That strange place between ontological emptiness – no longer able to believe any universal enlightenment imperatives about existence – and empirical inability – in this place where we know our jobs are perversely meaningless and cannot ever hope to buy a single house to comfortably live in. That place is where we are trying to enter with this project. And with you too, whoever the hell you are.

We can no longer just accept that easy binary. We the authentic people against the commodity selling us unnecessary ephemera. That divide is dead.

We know it is dead, that reified divide between appearance and reality, but we still have to perform.
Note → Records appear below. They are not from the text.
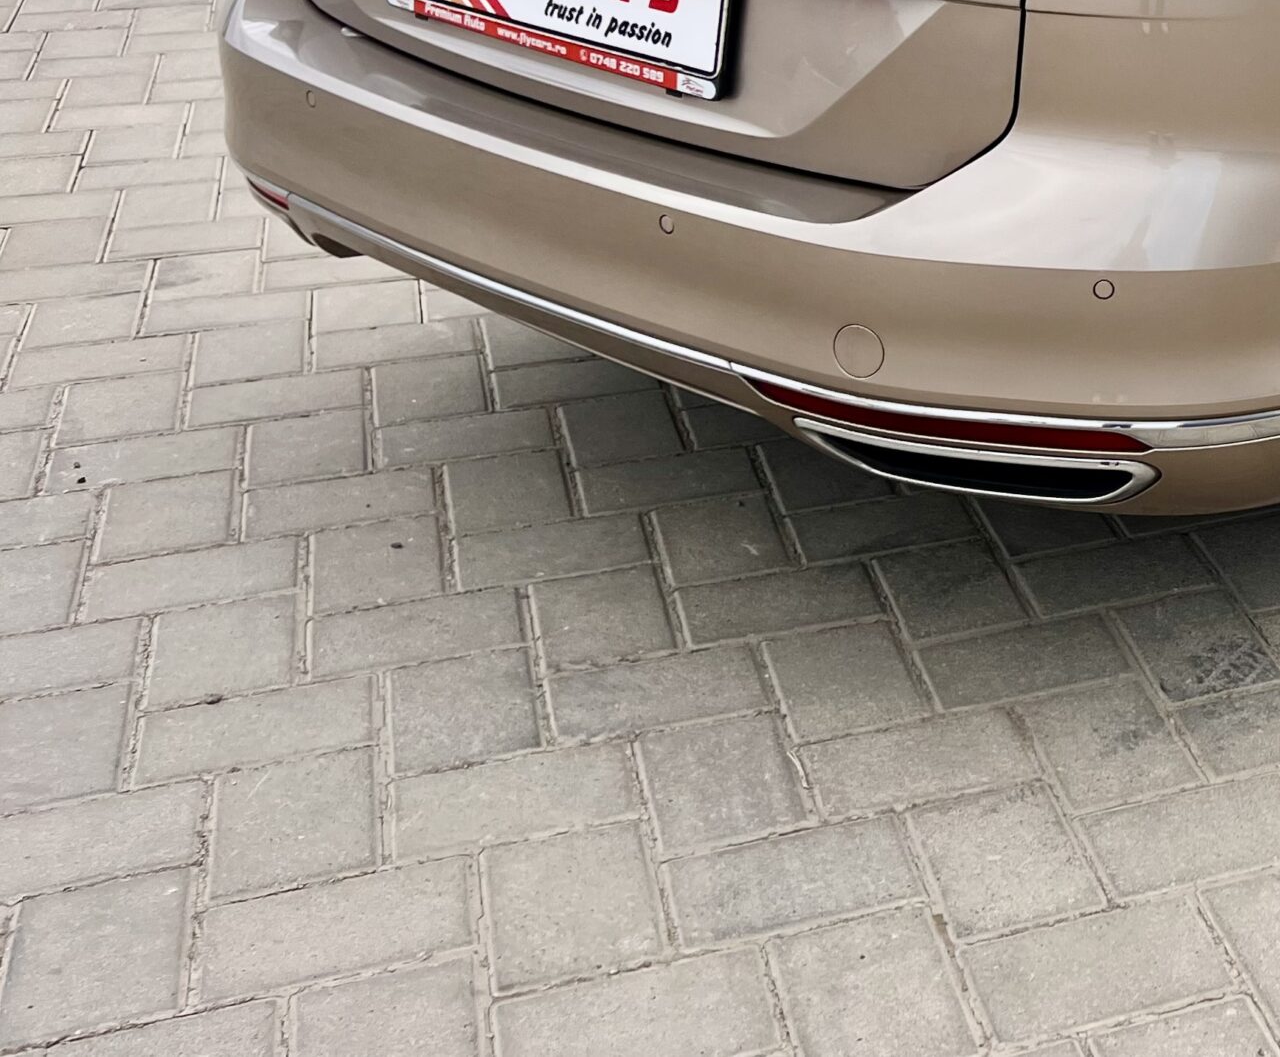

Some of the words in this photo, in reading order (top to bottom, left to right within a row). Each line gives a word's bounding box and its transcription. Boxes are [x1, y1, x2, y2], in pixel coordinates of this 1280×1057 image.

[424, 1, 463, 25] Premium
[463, 13, 486, 32] Auto
[497, 26, 568, 56] www.flycars.ro
[589, 52, 617, 70] 0748
[619, 60, 641, 76] 220
[585, 8, 602, 30] in
[605, 17, 673, 48] passion
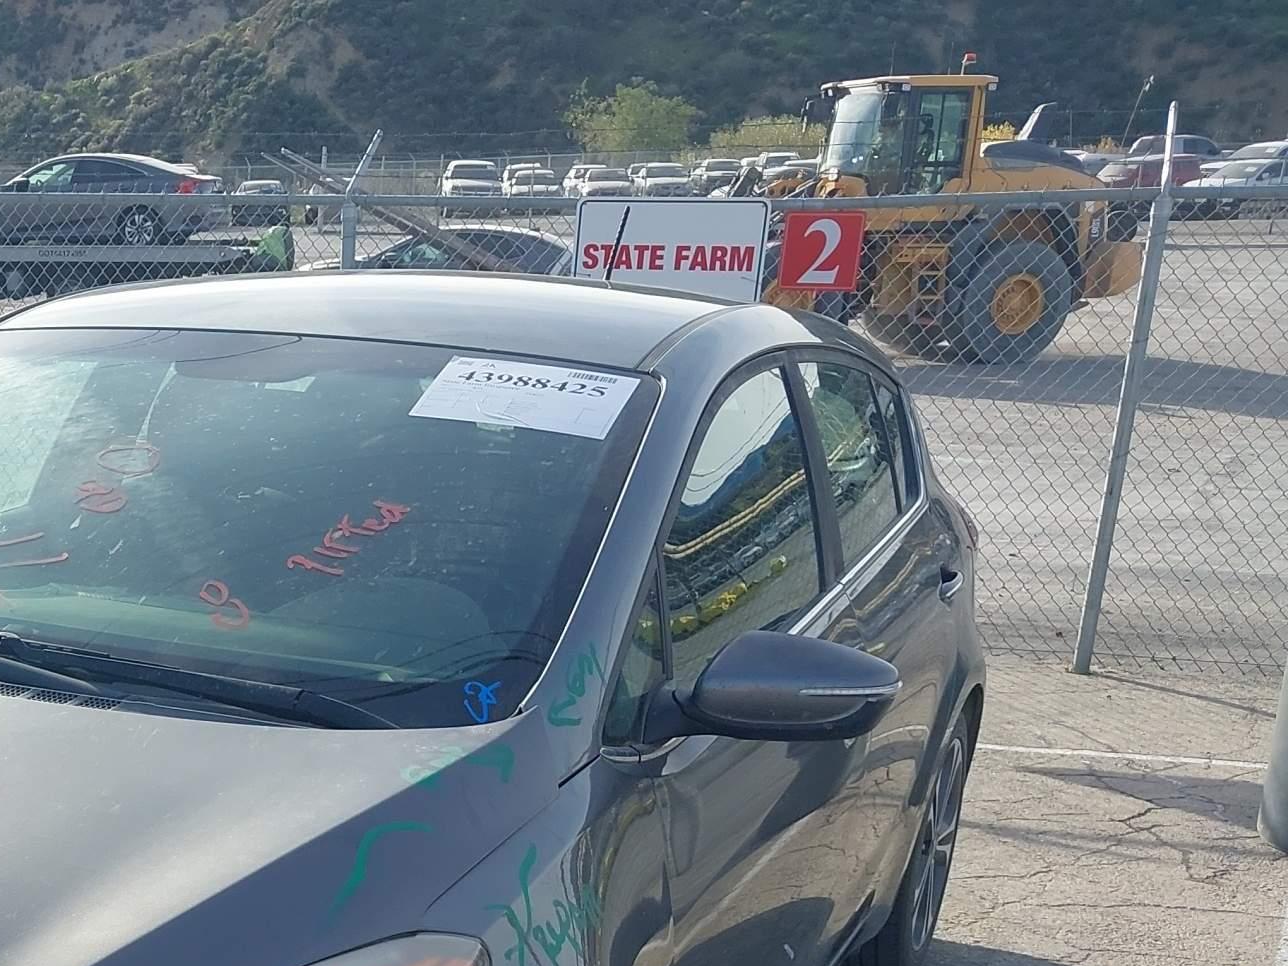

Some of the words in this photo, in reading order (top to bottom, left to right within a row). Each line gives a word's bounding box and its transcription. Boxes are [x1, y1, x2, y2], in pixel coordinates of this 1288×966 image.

[581, 243, 666, 271] STATE
[673, 244, 756, 273] FARM
[795, 217, 843, 285] 2
[457, 370, 609, 398] 43988425
Žižek talks about this a lot. He reminds us that at the beginning of Das Kapital Marx mentions the fact that when we see a commodity, we are not surprised by its abstract appearance, by the schemata of magical associations it ignites in us, but rather by its total banality, its very average physical existence. But between this material dialectic of us looking and the commodity simply being, there is something. Something else. This thing we know is not there. We are perfectly aware that the commodity in fact will not bring us more friends, more love or a better quality existence. But we want it anyway.

Žižek describes this with a joke. There’s this woman (he says man, but let’s say woman), and she thinks she’s a grain, a grain of corn or whatever. She is a farmer and she’s terrified of being eaten, being crushed, being turned into food, because she’s a grain. So she goes to therapy, to an institute, all the rest of it, and after years she comes out and she’s fine. She goes back to the farm.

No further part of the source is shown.